**** Dataset extract ****
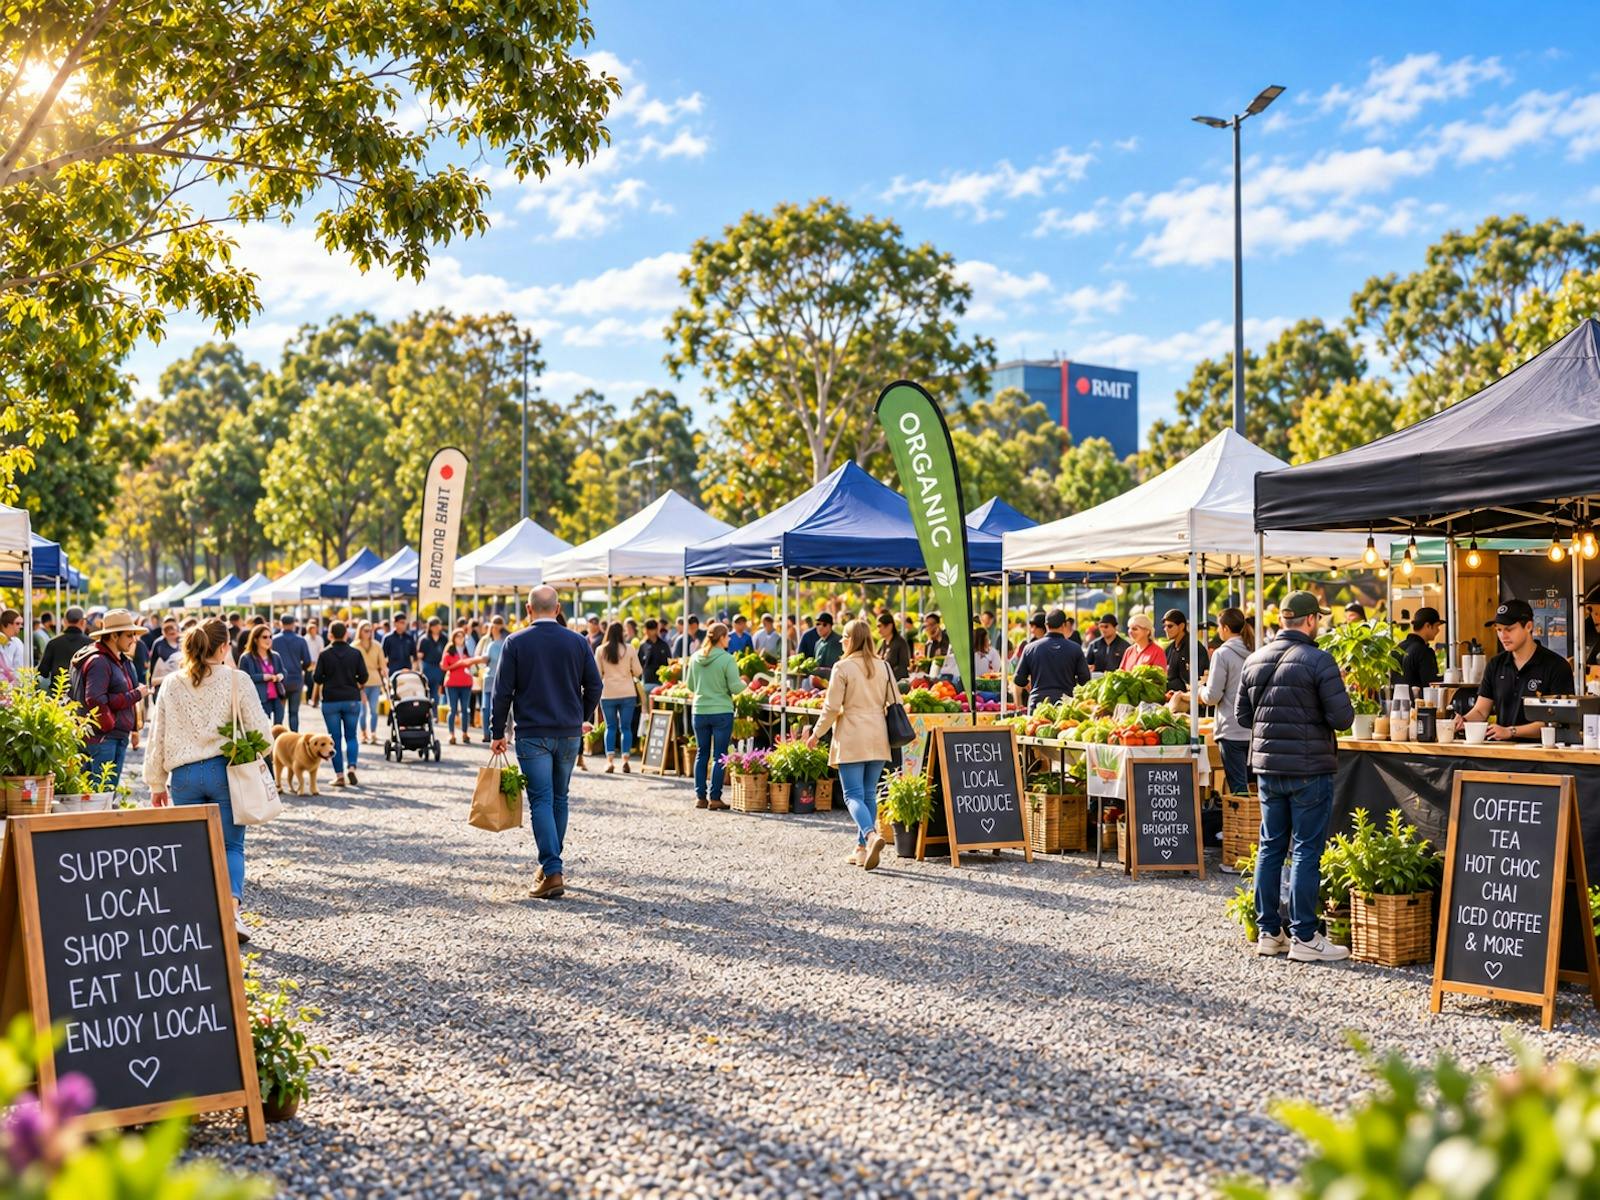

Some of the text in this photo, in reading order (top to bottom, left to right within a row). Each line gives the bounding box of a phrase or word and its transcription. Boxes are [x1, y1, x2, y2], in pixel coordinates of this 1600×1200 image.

[1092, 379, 1131, 399] RMIT
[900, 412, 952, 547] ORGANIC
[954, 743, 1002, 762] FRESH
[962, 770, 1004, 789] LOCAL
[1148, 771, 1178, 782] FARM
[1148, 785, 1180, 795] FRESH
[957, 793, 1013, 813] PRODUCE
[1151, 798, 1177, 809] GOOD
[1473, 797, 1543, 824] COFFEE
[1152, 811, 1178, 822] FOOD
[1142, 824, 1189, 835] BRIGHTER
[1489, 829, 1521, 850] TEA
[1153, 837, 1179, 847] DAYS
[59, 844, 182, 882] SUPPORT
[1464, 854, 1541, 879] HOT CHOC
[1482, 882, 1517, 903] CHAI
[86, 887, 170, 921] LOCAL
[1457, 905, 1542, 934] ICED COFFEE
[64, 923, 212, 966] SHOP LOCAL
[1465, 932, 1524, 957] & MORE
[70, 964, 211, 1009] EAT LOCAL
[66, 1004, 227, 1053] ENJOY LOCAL
****
Write out the whole listing verbatim, images excluded.

Some of the text in this photo, in reading order (top to bottom, left to right within a row). Each line gives the bounding box of a phrase or word and its transcription. Boxes are [x1, y1, x2, y2], in pixel coordinates of this 1600×1200 image.

[1092, 379, 1131, 399] RMIT
[900, 412, 952, 547] ORGANIC
[954, 743, 1002, 762] FRESH
[962, 770, 1004, 789] LOCAL
[1148, 771, 1178, 782] FARM
[1148, 785, 1180, 795] FRESH
[957, 793, 1013, 813] PRODUCE
[1151, 798, 1177, 809] GOOD
[1473, 797, 1543, 824] COFFEE
[1152, 811, 1178, 822] FOOD
[1142, 824, 1189, 835] BRIGHTER
[1489, 829, 1521, 850] TEA
[1153, 837, 1179, 847] DAYS
[59, 844, 182, 882] SUPPORT
[1464, 854, 1541, 879] HOT CHOC
[1482, 882, 1517, 903] CHAI
[86, 887, 170, 921] LOCAL
[1457, 905, 1542, 934] ICED COFFEE
[64, 923, 212, 966] SHOP LOCAL
[1465, 932, 1524, 957] & MORE
[70, 964, 211, 1009] EAT LOCAL
[66, 1004, 227, 1053] ENJOY LOCAL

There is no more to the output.